Beyond Reminder Day

The various shreds which our ‘civil society’ is divided into nowadays, ensure that no cause, supposedly common to all humans, goes unnoticed. Any such issue that is seen as being obliterated by the marching forces of materialism and apathy gets raked up at regular intervals. Common causes like Environment, Old age, Human Rights, Child Welfare, Gender Empowerment etc, all have their set of votaries clamouring for attention. Organisations as well as governments keep on trying various permutations and possibilities to alleviate the miseries humankind is faced with; through awareness and sometimes even through action!

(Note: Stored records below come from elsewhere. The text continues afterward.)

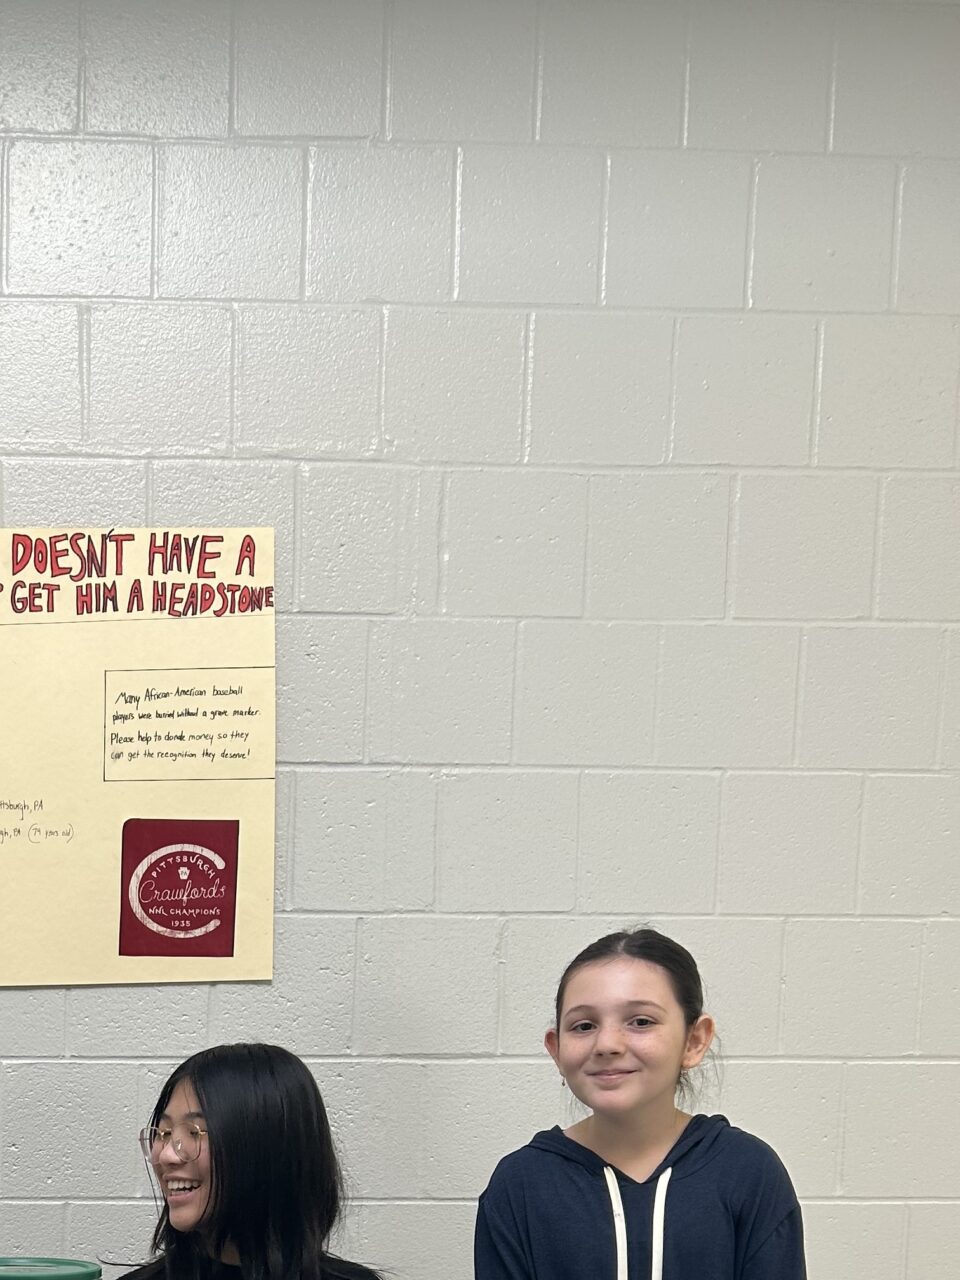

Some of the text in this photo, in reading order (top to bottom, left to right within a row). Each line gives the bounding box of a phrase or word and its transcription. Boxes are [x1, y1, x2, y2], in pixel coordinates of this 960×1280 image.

[148, 532, 224, 579] HAVE
[235, 534, 256, 577] A
[11, 580, 60, 613] GET
[76, 580, 119, 614] HIM
[127, 579, 144, 613] A
[153, 581, 275, 617] HEADSTONE
[115, 692, 141, 710] Many
[212, 685, 243, 697] baseball
[112, 710, 135, 725] players
[138, 712, 152, 720] were
[210, 710, 228, 720] grave
[110, 732, 135, 745] Please
[137, 731, 152, 745] help
[154, 731, 162, 742] to
[164, 730, 186, 742] donate
[188, 734, 214, 746] money
[231, 731, 249, 743] they
[111, 748, 250, 763] can get the recognition they deserve!
[151, 855, 215, 879] PITTSBURGH
[140, 878, 226, 906] Crawfords
[148, 906, 221, 917] NNL CHAMPIONS
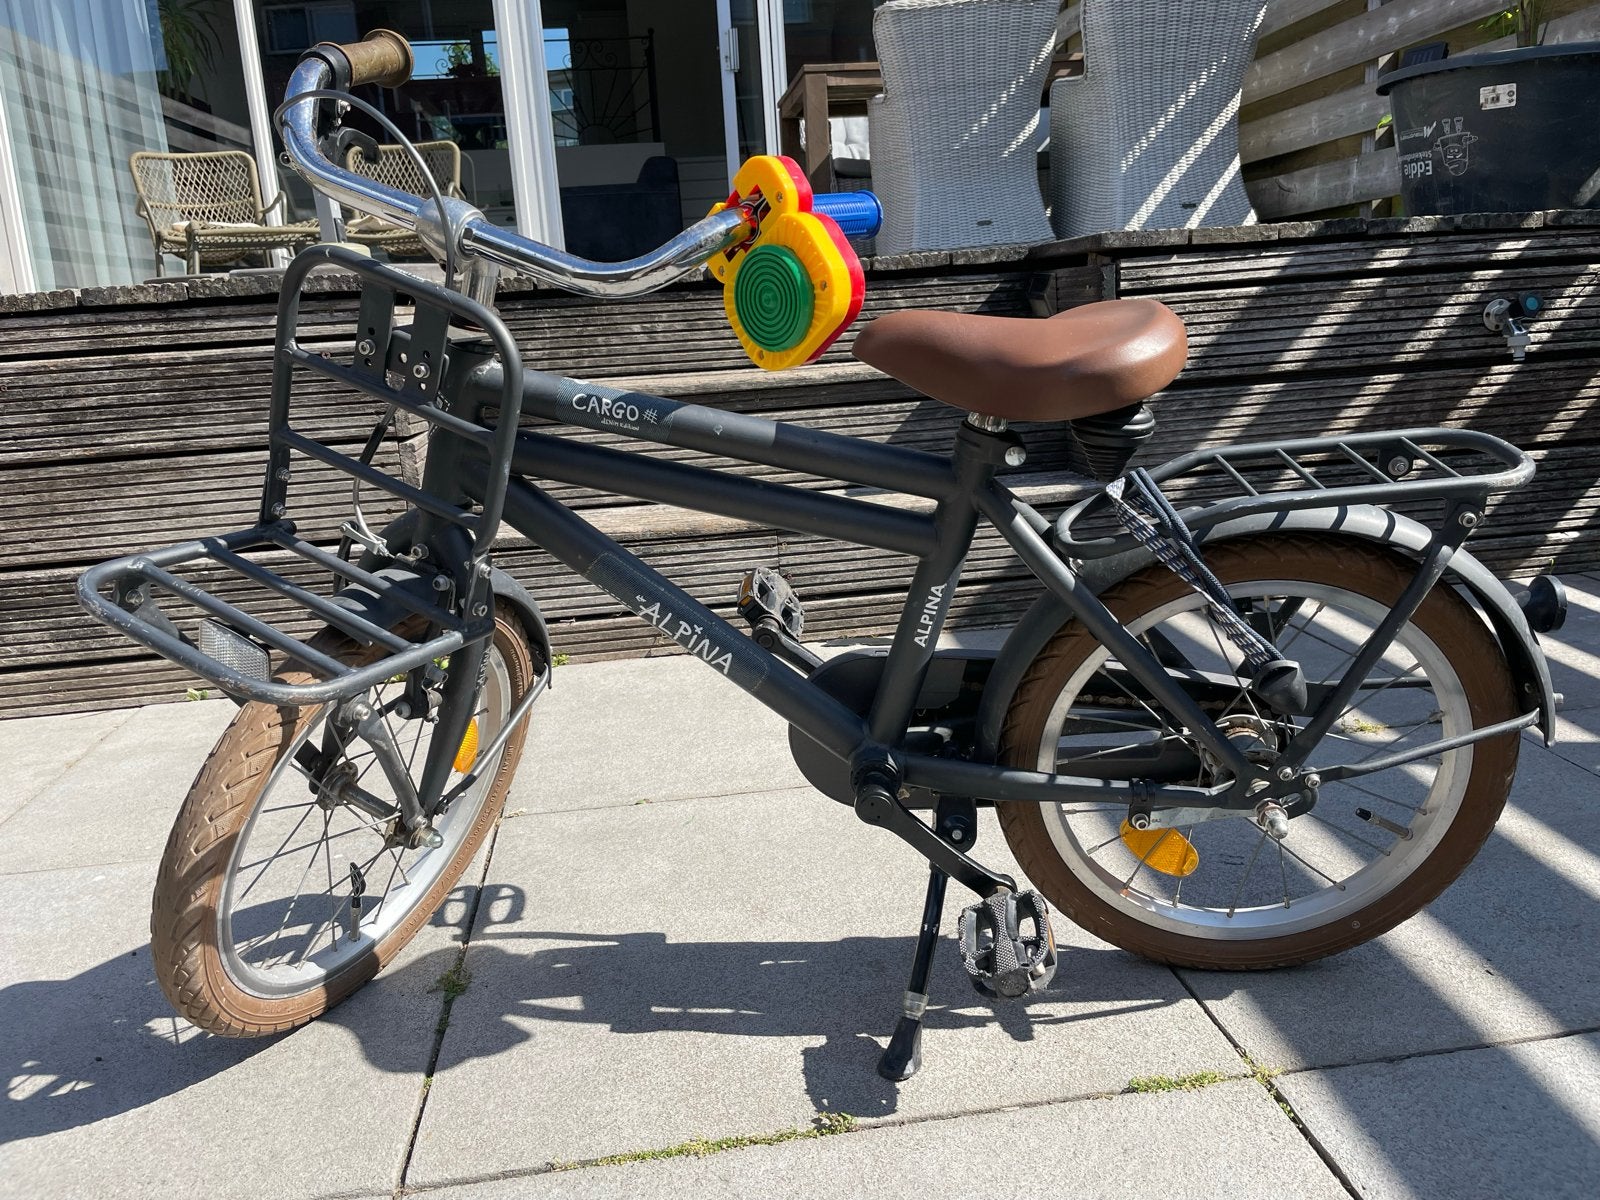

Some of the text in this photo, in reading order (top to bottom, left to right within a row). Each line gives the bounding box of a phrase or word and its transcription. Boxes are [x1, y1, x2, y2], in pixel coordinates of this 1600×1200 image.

These causes are initially, painstakingly brought into the horizons of our collective conscience by outstanding minds and concerned souls who are genuinely worried about the imminent plight of this planet and its inhabitants.
But quite appallingly, the vortex of triviality draws in all these causes to an ignoble fate, transforming the real into the surreal and gobbling even those who stand or claim to stand against it. It is interesting to see how the issues of primary importance get relegated behind the fanfare of promoting those issues itself. How the execution of the ‘event’ gets far more importance than the objective of the event. How the presentation of the message gets a preference over the message itself.
Therefore, even if we have scores of ”days” to commemorate various issues and to draw the attention of common people towards the burning problems facing the planet, all such days, though, are just a one-day affair. The Water Day, The Arbor day, The Wildlife day, the Girl Child Day, No smoking day, the Women’s day— to name a few all aimed at promoting noble causes, thus, follow a similar pattern.
Once commemorations are planned, trivialities come centre stage and the ‘burning issues’ turn to embers only to be inflagrated by the speeches and messages of experts and ‘VIPs’ on the D-day. Long and winding messages by people’s representatives, turned deadly boring through years of reuse and recycling, find a prominent place in the newspapers. Organising functions by government departments and non governmental organizations follow suit. A painting, writing or debating competition of children is invariably thrown in to add a bit of punch and color. And a symbolic act by a VVIP under the media glare implicitly announces the grand finale of the grand day. And of the grand cause as well!
A few years back I became friendly with a very jolly but poor man in one of the eastern states of India. His smile was as infectious as his company was enjoyable. He was, though, a so called schedule-caste. On the death of his brother he was supposedly tormented by the Brahmins performing his brother’s last rites.
They had apparently asked for a long list of things to be sent to the departed soul which the poor man found difficult to afford. The poor fellow had a strong grouse against them. One day he told me that he was fed up and was seriously thinking “ki lotey mein tonti laga dun taa ki in panditun se chutkara miley (I would prefer fitting my water mug with a nozzle to get rid of the pandits).
He had infact in his sheer desperation made a profound statement. Unable to bear the financial burden of filling the pundits’ coffers in the name of religion, he was talking of changing his religion. Yes! Muslims and Hindus in India are -amongst other things- differentiated by their water pots which they use for ablutions. The Hindus invariably use the Nozzle-less small pot called ‘Ghadwi’ and the Muslims don’t use anything except the one with a nozzle, the Naari.
Use of a Naari has its advantages. The most conspicuous being that it helps save water. The narrow nozzle ensures that water flows out from the pot in a continuous stream without spilling over.
Were not the ‘Haeskars’ (The Elephant- trunk shaped water taps), for that matter, used not so long before, in our washrooms, an eco friendly accessory which helped prudent use of water. By just one stroke of even a finger, the tap could be opened or turned off. Every drop of water could thus be used properly.
To build a just society, two elements are necessary. Any society having them automatically incorporates lifestyles which are friendly not only towards nature but also towards fellow human beings. Such a society needs less of demagoguery, doesn’t require celebration of ‘Reminder Days’ and practices lifestyles that are full of virtue and high on worthiness.
Those two elements unarguably are: 1) The belief that Somebody supreme and omnipresent is watching all of your actions and 2) Everybody is accountable for all of his deeds. A sense of accountability irrespective of the law catching up with you or not making supermen out of ordinary mortals. Societies and civilizations bereft of such beliefs are lost in the vortex of trivia while the earth and its inhabitants suffer and badly so.